> _Exercise directions_: Copy the records exactly. Include every line.

===== Given entries =====

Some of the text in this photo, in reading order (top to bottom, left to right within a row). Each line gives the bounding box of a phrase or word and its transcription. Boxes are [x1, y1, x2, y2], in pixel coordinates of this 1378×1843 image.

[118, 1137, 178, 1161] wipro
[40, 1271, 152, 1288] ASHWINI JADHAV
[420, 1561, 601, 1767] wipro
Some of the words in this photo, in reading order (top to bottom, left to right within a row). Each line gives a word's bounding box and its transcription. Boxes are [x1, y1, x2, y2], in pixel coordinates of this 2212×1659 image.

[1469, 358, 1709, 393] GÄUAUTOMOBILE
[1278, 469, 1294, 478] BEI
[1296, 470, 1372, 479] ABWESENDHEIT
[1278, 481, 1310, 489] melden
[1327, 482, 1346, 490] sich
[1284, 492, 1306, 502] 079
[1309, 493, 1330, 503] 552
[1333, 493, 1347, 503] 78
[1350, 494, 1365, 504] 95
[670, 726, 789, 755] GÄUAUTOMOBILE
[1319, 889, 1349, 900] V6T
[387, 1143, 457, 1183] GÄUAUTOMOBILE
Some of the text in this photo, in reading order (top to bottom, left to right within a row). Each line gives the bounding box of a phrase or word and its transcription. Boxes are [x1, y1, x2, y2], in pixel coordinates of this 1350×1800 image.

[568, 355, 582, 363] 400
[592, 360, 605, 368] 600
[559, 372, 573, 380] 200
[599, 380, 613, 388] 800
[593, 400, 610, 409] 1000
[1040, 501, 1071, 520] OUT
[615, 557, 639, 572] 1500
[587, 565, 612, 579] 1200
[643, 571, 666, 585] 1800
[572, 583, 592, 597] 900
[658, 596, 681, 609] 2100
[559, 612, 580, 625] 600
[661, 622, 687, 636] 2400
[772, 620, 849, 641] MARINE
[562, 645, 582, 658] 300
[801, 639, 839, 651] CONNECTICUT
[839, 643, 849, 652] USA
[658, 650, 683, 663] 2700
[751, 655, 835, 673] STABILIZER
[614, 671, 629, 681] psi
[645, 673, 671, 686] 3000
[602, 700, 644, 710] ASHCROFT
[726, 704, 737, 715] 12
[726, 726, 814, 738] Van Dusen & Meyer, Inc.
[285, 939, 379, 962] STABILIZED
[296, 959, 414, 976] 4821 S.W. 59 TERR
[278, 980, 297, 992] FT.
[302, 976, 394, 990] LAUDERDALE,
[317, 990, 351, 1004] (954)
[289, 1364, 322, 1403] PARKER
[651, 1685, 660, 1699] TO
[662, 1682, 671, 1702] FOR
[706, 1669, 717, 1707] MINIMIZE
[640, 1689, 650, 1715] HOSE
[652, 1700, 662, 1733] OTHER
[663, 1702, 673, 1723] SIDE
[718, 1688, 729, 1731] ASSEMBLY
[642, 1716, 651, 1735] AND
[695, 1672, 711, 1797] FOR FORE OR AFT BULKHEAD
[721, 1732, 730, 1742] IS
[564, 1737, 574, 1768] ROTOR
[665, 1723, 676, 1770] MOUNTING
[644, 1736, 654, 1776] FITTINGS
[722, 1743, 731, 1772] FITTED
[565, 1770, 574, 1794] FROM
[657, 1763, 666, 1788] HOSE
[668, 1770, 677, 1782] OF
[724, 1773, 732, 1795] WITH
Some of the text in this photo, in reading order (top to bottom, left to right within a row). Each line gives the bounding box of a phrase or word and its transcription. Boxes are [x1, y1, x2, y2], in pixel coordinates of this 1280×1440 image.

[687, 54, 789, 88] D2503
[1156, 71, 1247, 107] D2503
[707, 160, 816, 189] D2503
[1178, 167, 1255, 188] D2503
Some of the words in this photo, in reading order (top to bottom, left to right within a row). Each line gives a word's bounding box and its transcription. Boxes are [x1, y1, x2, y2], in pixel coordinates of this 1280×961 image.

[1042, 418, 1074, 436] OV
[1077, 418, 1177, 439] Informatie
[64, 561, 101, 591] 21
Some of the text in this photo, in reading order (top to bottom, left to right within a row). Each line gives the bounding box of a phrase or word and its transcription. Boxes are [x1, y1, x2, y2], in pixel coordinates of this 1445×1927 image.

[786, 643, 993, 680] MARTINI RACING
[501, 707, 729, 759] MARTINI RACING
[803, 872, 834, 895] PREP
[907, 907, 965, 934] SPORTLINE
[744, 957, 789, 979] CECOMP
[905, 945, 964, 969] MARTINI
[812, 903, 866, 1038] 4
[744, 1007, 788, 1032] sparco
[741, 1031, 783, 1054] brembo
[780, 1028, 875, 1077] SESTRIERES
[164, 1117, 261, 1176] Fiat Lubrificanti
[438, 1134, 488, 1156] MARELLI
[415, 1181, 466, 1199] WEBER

=====

> _Solution_:
Some of the text in this photo, in reading order (top to bottom, left to right within a row). Each line gives the bounding box of a phrase or word and its transcription. Boxes are [x1, y1, x2, y2], in pixel coordinates of this 1378×1843 image.

[118, 1137, 178, 1161] wipro
[40, 1271, 152, 1288] ASHWINI JADHAV
[420, 1561, 601, 1767] wipro
Some of the words in this photo, in reading order (top to bottom, left to right within a row). Each line gives a word's bounding box and its transcription. Boxes are [x1, y1, x2, y2], in pixel coordinates of this 2212×1659 image.

[1469, 358, 1709, 393] GÄUAUTOMOBILE
[1278, 469, 1294, 478] BEI
[1296, 470, 1372, 479] ABWESENDHEIT
[1278, 481, 1310, 489] melden
[1327, 482, 1346, 490] sich
[1284, 492, 1306, 502] 079
[1309, 493, 1330, 503] 552
[1333, 493, 1347, 503] 78
[1350, 494, 1365, 504] 95
[670, 726, 789, 755] GÄUAUTOMOBILE
[1319, 889, 1349, 900] V6T
[387, 1143, 457, 1183] GÄUAUTOMOBILE
Some of the text in this photo, in reading order (top to bottom, left to right within a row). Each line gives the bounding box of a phrase or word and its transcription. Boxes are [x1, y1, x2, y2], in pixel coordinates of this 1350×1800 image.

[568, 355, 582, 363] 400
[592, 360, 605, 368] 600
[559, 372, 573, 380] 200
[599, 380, 613, 388] 800
[593, 400, 610, 409] 1000
[1040, 501, 1071, 520] OUT
[615, 557, 639, 572] 1500
[587, 565, 612, 579] 1200
[643, 571, 666, 585] 1800
[572, 583, 592, 597] 900
[658, 596, 681, 609] 2100
[559, 612, 580, 625] 600
[661, 622, 687, 636] 2400
[772, 620, 849, 641] MARINE
[562, 645, 582, 658] 300
[801, 639, 839, 651] CONNECTICUT
[839, 643, 849, 652] USA
[658, 650, 683, 663] 2700
[751, 655, 835, 673] STABILIZER
[614, 671, 629, 681] psi
[645, 673, 671, 686] 3000
[602, 700, 644, 710] ASHCROFT
[726, 704, 737, 715] 12
[726, 726, 814, 738] Van Dusen & Meyer, Inc.
[285, 939, 379, 962] STABILIZED
[296, 959, 414, 976] 4821 S.W. 59 TERR
[278, 980, 297, 992] FT.
[302, 976, 394, 990] LAUDERDALE,
[317, 990, 351, 1004] (954)
[289, 1364, 322, 1403] PARKER
[651, 1685, 660, 1699] TO
[662, 1682, 671, 1702] FOR
[706, 1669, 717, 1707] MINIMIZE
[640, 1689, 650, 1715] HOSE
[652, 1700, 662, 1733] OTHER
[663, 1702, 673, 1723] SIDE
[718, 1688, 729, 1731] ASSEMBLY
[642, 1716, 651, 1735] AND
[695, 1672, 711, 1797] FOR FORE OR AFT BULKHEAD
[721, 1732, 730, 1742] IS
[564, 1737, 574, 1768] ROTOR
[665, 1723, 676, 1770] MOUNTING
[644, 1736, 654, 1776] FITTINGS
[722, 1743, 731, 1772] FITTED
[565, 1770, 574, 1794] FROM
[657, 1763, 666, 1788] HOSE
[668, 1770, 677, 1782] OF
[724, 1773, 732, 1795] WITH
Some of the text in this photo, in reading order (top to bottom, left to right within a row). Each line gives the bounding box of a phrase or word and its transcription. Boxes are [x1, y1, x2, y2], in pixel coordinates of this 1280×1440 image.

[687, 54, 789, 88] D2503
[1156, 71, 1247, 107] D2503
[707, 160, 816, 189] D2503
[1178, 167, 1255, 188] D2503
Some of the words in this photo, in reading order (top to bottom, left to right within a row). Each line gives a word's bounding box and its transcription. Boxes are [x1, y1, x2, y2], in pixel coordinates of this 1280×961 image.

[1042, 418, 1074, 436] OV
[1077, 418, 1177, 439] Informatie
[64, 561, 101, 591] 21
Some of the text in this photo, in reading order (top to bottom, left to right within a row). Each line gives the bounding box of a phrase or word and its transcription. Boxes are [x1, y1, x2, y2], in pixel coordinates of this 1445×1927 image.

[786, 643, 993, 680] MARTINI RACING
[501, 707, 729, 759] MARTINI RACING
[803, 872, 834, 895] PREP
[907, 907, 965, 934] SPORTLINE
[744, 957, 789, 979] CECOMP
[905, 945, 964, 969] MARTINI
[812, 903, 866, 1038] 4
[744, 1007, 788, 1032] sparco
[741, 1031, 783, 1054] brembo
[780, 1028, 875, 1077] SESTRIERES
[164, 1117, 261, 1176] Fiat Lubrificanti
[438, 1134, 488, 1156] MARELLI
[415, 1181, 466, 1199] WEBER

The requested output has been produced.